● TASK INSTRUCTIONS:
Repeat the listing exactly. Do not carry over any pictures.

● DATA EXCERPTS:
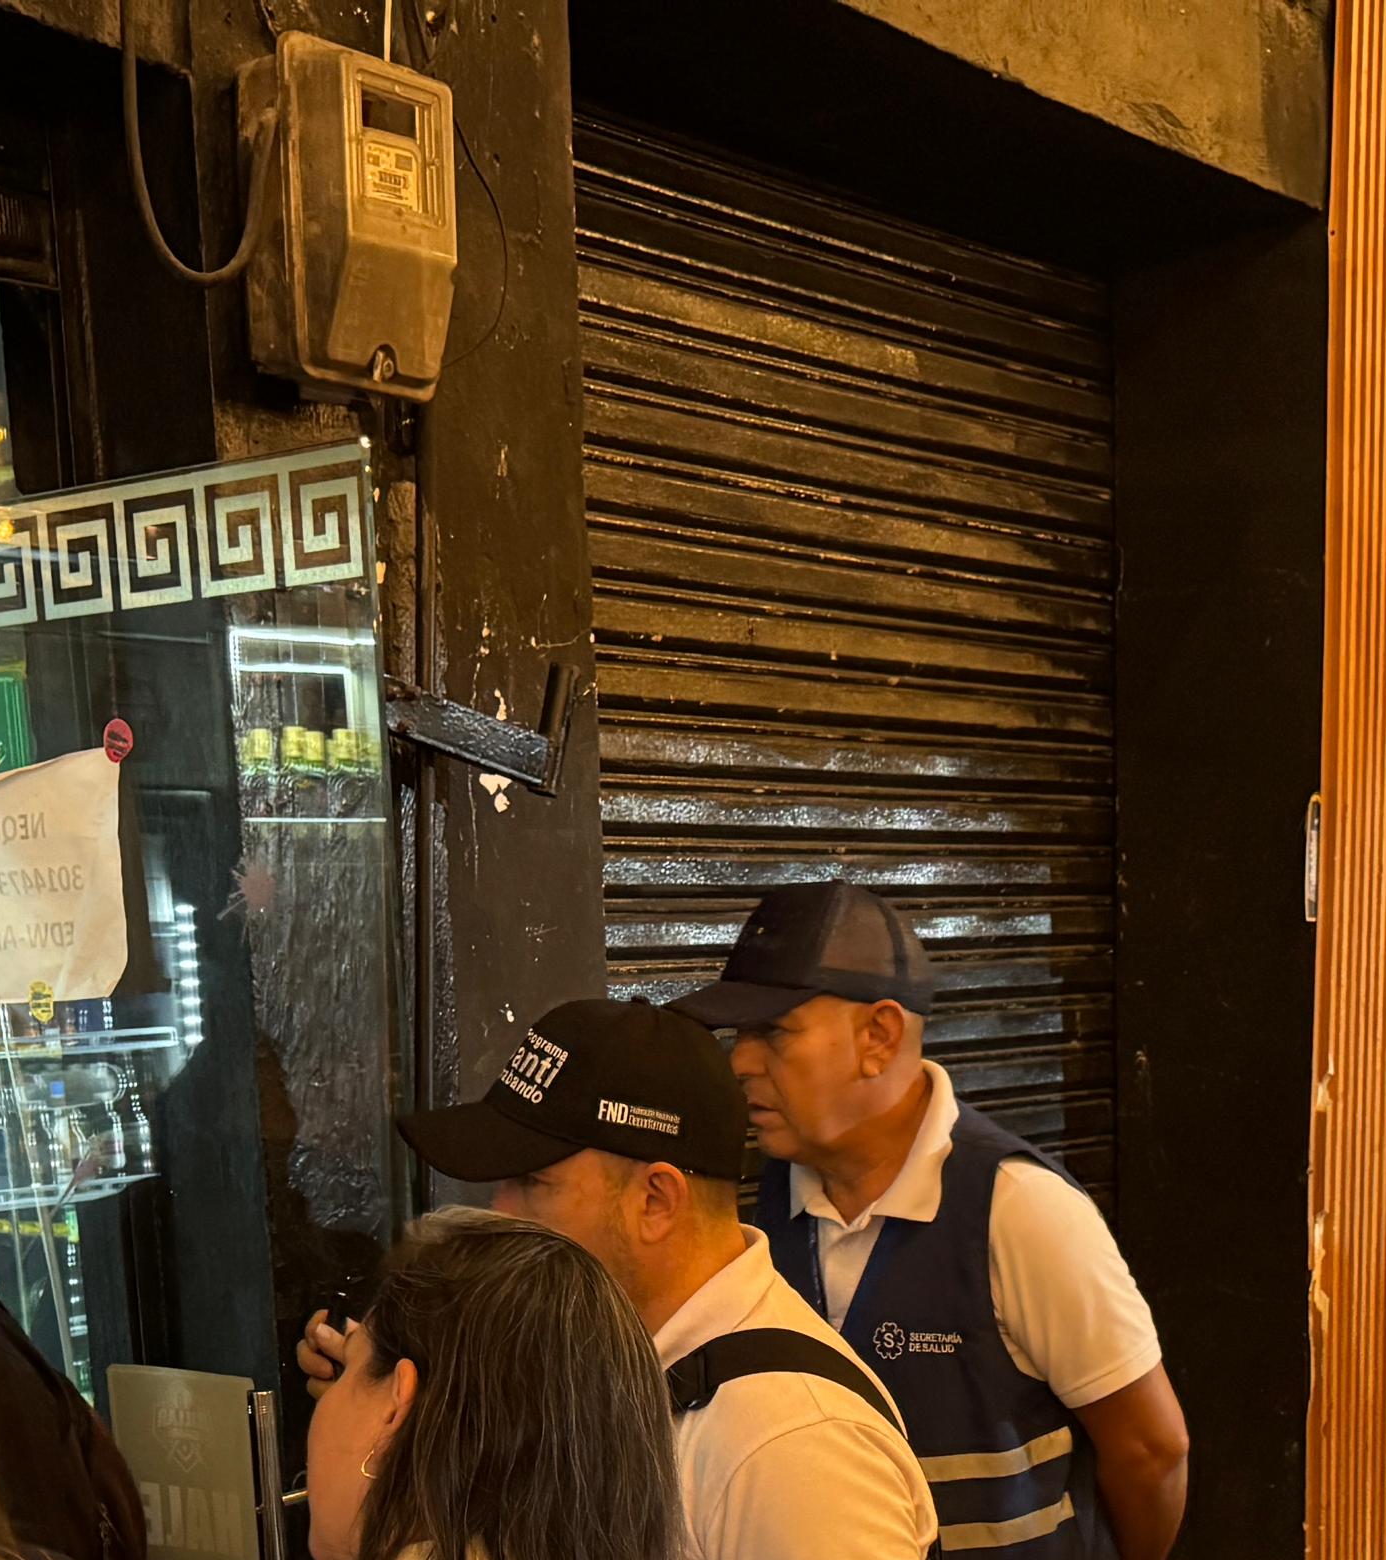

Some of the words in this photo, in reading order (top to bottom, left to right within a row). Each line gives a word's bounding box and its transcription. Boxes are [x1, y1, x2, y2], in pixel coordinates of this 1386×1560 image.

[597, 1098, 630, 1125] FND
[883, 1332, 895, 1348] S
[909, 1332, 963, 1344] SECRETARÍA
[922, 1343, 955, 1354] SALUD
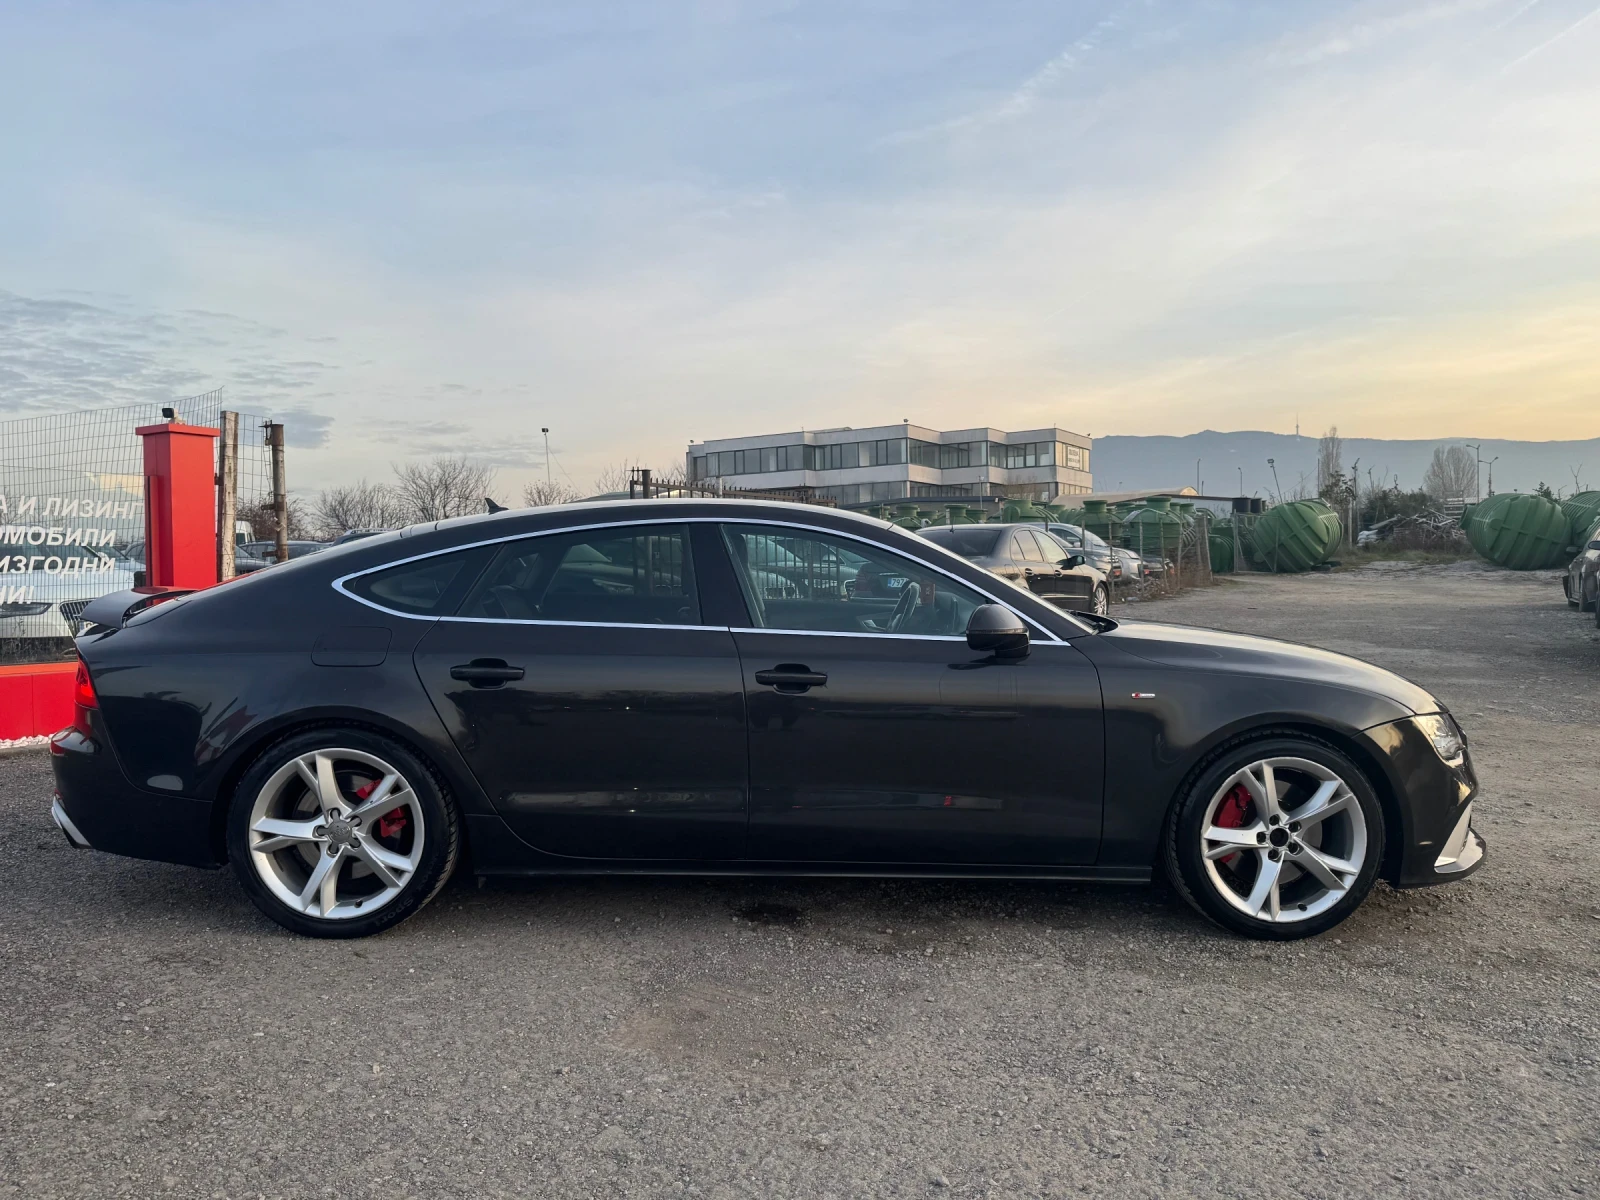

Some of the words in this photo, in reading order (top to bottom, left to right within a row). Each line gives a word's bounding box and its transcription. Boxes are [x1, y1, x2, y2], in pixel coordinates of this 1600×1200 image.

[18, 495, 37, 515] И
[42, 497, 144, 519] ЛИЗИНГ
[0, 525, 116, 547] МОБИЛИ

● THE COMPLETED TASK:
Some of the words in this photo, in reading order (top to bottom, left to right within a row). Each line gives a word's bounding box and its transcription. Boxes are [x1, y1, x2, y2], in pixel coordinates of this 1386×1560 image.

[597, 1098, 630, 1125] FND
[883, 1332, 895, 1348] S
[909, 1332, 963, 1344] SECRETARÍA
[922, 1343, 955, 1354] SALUD

Some of the words in this photo, in reading order (top to bottom, left to right within a row). Each line gives a word's bounding box and its transcription. Boxes are [x1, y1, x2, y2], in pixel coordinates of this 1600×1200 image.

[18, 495, 37, 515] И
[42, 497, 144, 519] ЛИЗИНГ
[0, 525, 116, 547] МОБИЛИ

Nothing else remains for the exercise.